As part of Noozhawk’s Nov. 2 Santa Barbara City Council election coverage, we are publishing Q&As with candidates running for mayor and City Council seats. Candidate answers may be lightly edited for spelling and formatting, but are otherwise presented as they were submitted.
For mayor, candidates include James Joyce III, Matt Kilrain, Cathy Murillo, Randy Rowse, Deborah Schwartz, and Mark Whitehurst.
Two candidates are running for the District 4 seat: Barrett Reed and Kristen Sneddon. District 5 incumbent Eric Friedman is running unopposed.
There are four candidates on the ballot for the District 6 seat, including Jason Carlton, Meagan Harmon, Nina Johnson and Zachary Pike.
Mayoral Candidate Matt Kilrain
Noozhawk: Many residents responding to a Noozhawk survey said current City Council members have not been visible during the pandemic and are not always responsive to citizen concerns. If elected, how will you make yourself accessible to your constituents? Will you hold in-person office hours? Personally respond to emails and calls? Attend public community events?
Matt Kilrain: All citizens should put my cell number on their cell phone. They should also subscribe to my Youtube channel and I can give everyone the play by play as the emergencies evolve. We are in the midst of an emergency now. The man engineered electrical storm we had last night is a sneak preview to what we are about to get. The city of Santa Barbara needs someone with excellent communication skills and excellent team leading skills to deliver Santa Barbara through the pandemic into the Golden Age.
Noozhawk: What is your long-term vision for downtown State Street and live/work options in the downtown core? What is your plan for reducing the number of vacant storefronts in that area?
Matt Kilrain: I would like to see State Street with Ma and Pa businesses downstairs and Ma and Pa living upstairs. I would like to see a horse, dog and child friendly State Street without 5G, LED Lighting or Chem Trails. I would like Ma and Pa to rent all of the vacant storefronts and upstairs residences.
Noozhawk: Can you please define equity, and what your approach would be to make city government more diverse and more representative of the community it represents?
Matt Kilrain: To me equity means the children and citizens of Santa Barbara owning the business of Santa Barbara. Now I do have a Flint-Stone Amendment to my 4 Corner-Stone Agenda that is an Anti-Discrimination Initiative that will prevent people who use marijuana and people who refuse to get vaccinated from being discriminated out of the workforce. I also believe the Chumash were cheated out of their land and should be treated with some favoritism toward having equity in the business of Santa Barbara.
Noozhawk: How will you reduce the number of homeless encampments, unhoused people, and homeless-related nuisance crimes in Santa Barbara?

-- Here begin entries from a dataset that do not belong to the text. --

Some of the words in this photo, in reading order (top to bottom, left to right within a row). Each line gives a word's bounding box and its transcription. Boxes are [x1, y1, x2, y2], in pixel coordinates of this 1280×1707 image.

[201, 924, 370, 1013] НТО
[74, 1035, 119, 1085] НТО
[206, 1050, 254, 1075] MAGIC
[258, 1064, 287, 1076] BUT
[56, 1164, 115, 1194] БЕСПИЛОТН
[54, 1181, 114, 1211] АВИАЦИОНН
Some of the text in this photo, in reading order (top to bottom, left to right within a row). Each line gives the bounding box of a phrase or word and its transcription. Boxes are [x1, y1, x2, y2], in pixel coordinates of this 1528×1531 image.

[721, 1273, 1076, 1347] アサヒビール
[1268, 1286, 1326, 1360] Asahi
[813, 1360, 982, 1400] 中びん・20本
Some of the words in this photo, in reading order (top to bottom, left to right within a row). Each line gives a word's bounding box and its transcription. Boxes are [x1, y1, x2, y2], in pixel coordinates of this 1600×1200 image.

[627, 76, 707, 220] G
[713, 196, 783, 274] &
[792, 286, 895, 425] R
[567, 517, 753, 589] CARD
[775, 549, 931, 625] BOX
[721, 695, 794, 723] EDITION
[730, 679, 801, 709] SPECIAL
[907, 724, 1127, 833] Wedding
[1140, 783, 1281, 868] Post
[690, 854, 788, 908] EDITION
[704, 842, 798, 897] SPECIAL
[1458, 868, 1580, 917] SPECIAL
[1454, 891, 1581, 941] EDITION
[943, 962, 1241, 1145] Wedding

Matt Kilrain: To begin with, I will stop the county of Santa Barbara and the State of California from dumping their homeless problem off on the city of Santa Barbara. With the people who have hope I will offer them purpose in life. If a person is a threat to Santa Barbara I will pay that person $500 to leave town and get some fathers to explain to the person or persons why they do not want to come back.
Noozhawk: How should Santa Barbara respond to Senate Bill 9, which allows for duplex development (up to four units) in single-family-zoned neighborhoods?
Matt Kilrain: If people want to build duplexes they should be allowed to but not forced to build. The city should not be worrying about growing at this point and should be figuring out ways to take care of the people we have now. Let’s worry about growing after the pandemic is over.
Noozhawk: What can Santa Barbara do, that it’s not already doing, to reduce climate-change-related hazards for its residents and move toward a more sustainable future in terms of energy and water resources?
Matt Kilrain: I believe climate change is intentional man engineered much the way I believe the pandemic is man engineered. However, I am a green technology scientist who wrote Trumps Trillion Trees and got Trump to sign onto the initiative. I have also figured out how to use the ocean to clean the air, I have written a multi-billion dollar business plan and I will give this technology to the citizens of Santa Barbara.